I'm not even talking, this time, about stories that put sexual deviance or sexual diversity up for discussion on the current events chopping block. Let's ignore, for the moment, the lawsuit by Indiana state legislators to block performance of "Corpus Christi," a play about a guy named Joshua growing up gay with his twelve close buddies in modern-day Texas, and attempts by The Promise Keepers and The American Family Organization to keep a record album with the song "Jesus Christ, Homosexual" from ever reaching retail stores. Let's also skip over the story of how Leilani Rios had to go to court to hold onto her place on the Cal State Fullerton track team after she refused to quit her job as an erotic dancer. These are important stories too, but they are about something a little more loaded than simple nudity.

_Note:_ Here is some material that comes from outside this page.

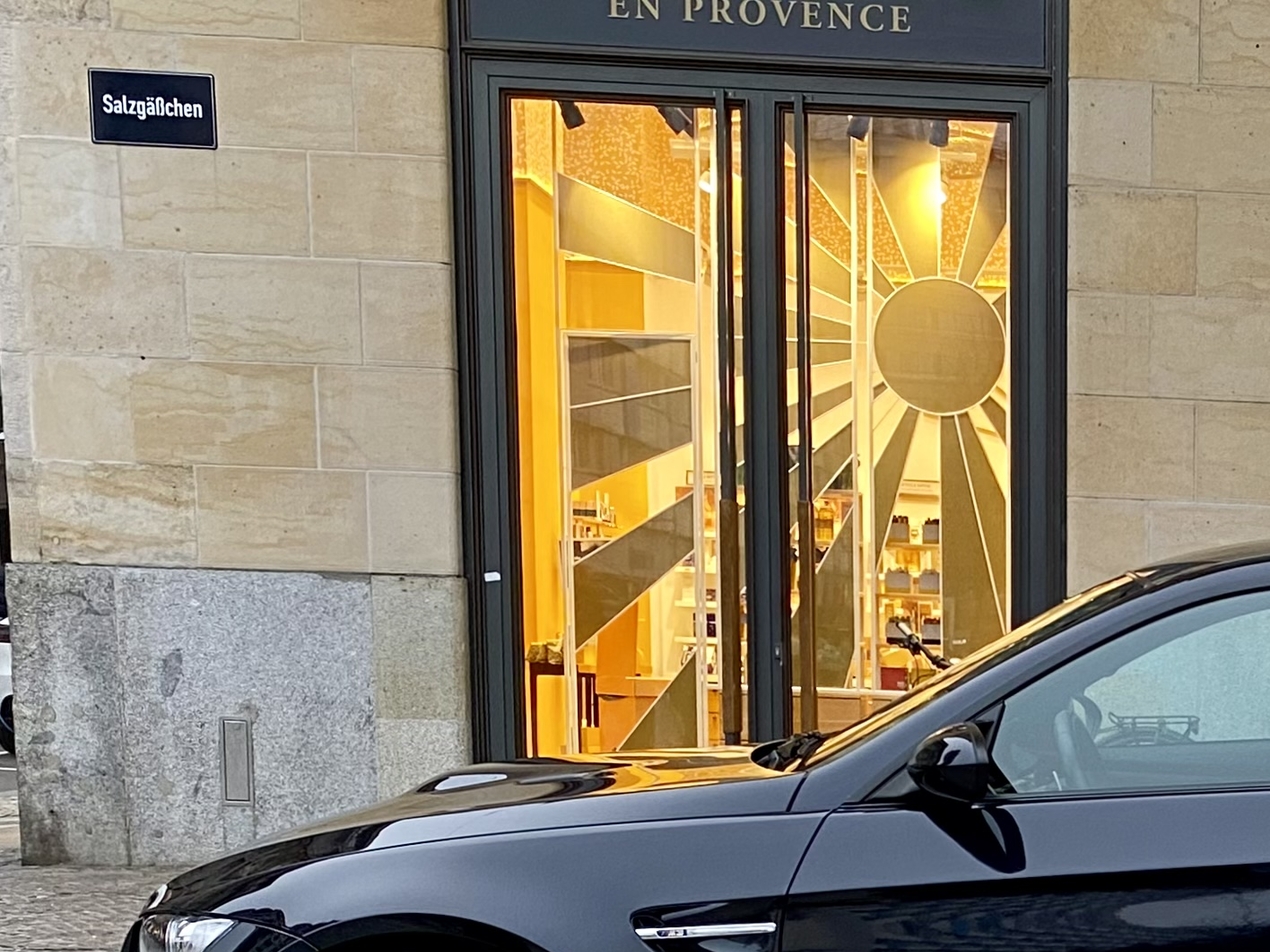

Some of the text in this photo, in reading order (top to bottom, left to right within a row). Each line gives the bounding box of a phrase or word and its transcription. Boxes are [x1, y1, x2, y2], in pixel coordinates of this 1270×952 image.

We know how tightly people can get tied in knots about sex that's outside their personal sense of what's mainstream. But what's been piling up in my folder of clips for possible future columns are stories about nothing more controversial than the reality of the naked human body, about the inclusion of the naked human body in some rather straightforward works of art, theater, and advertising. These are naked images that have nothing to do with sex at all. But plenty of people are steaming about them nonetheless.

Provincetown, Massachusetts, is not what you'd call a conservative town. It's best known as an artist colony and as a specifically gay-friendly resort. In the nakedness department, it's even got its very own delightful, publicly-sanctioned, clothing-optional beach. Nonetheless, the Crown and Anchor Inn, which has been showing a local production of Off-Broadway's biggest hit, "Naked Boys Singing," has been twice ordered to "cease-and-desist" showing the play by P-town's erstwhile building commissioner, Warren Alexander. Alexander has classified the show as adult entertainment because it includes full, frontal (male) nudity, and in P-town, adult entertainment is not allowed within 500 feet of churches and municipal buildings. Both the local Town Hall and its Unitarian Church are closer than that to the Crown and Anchor.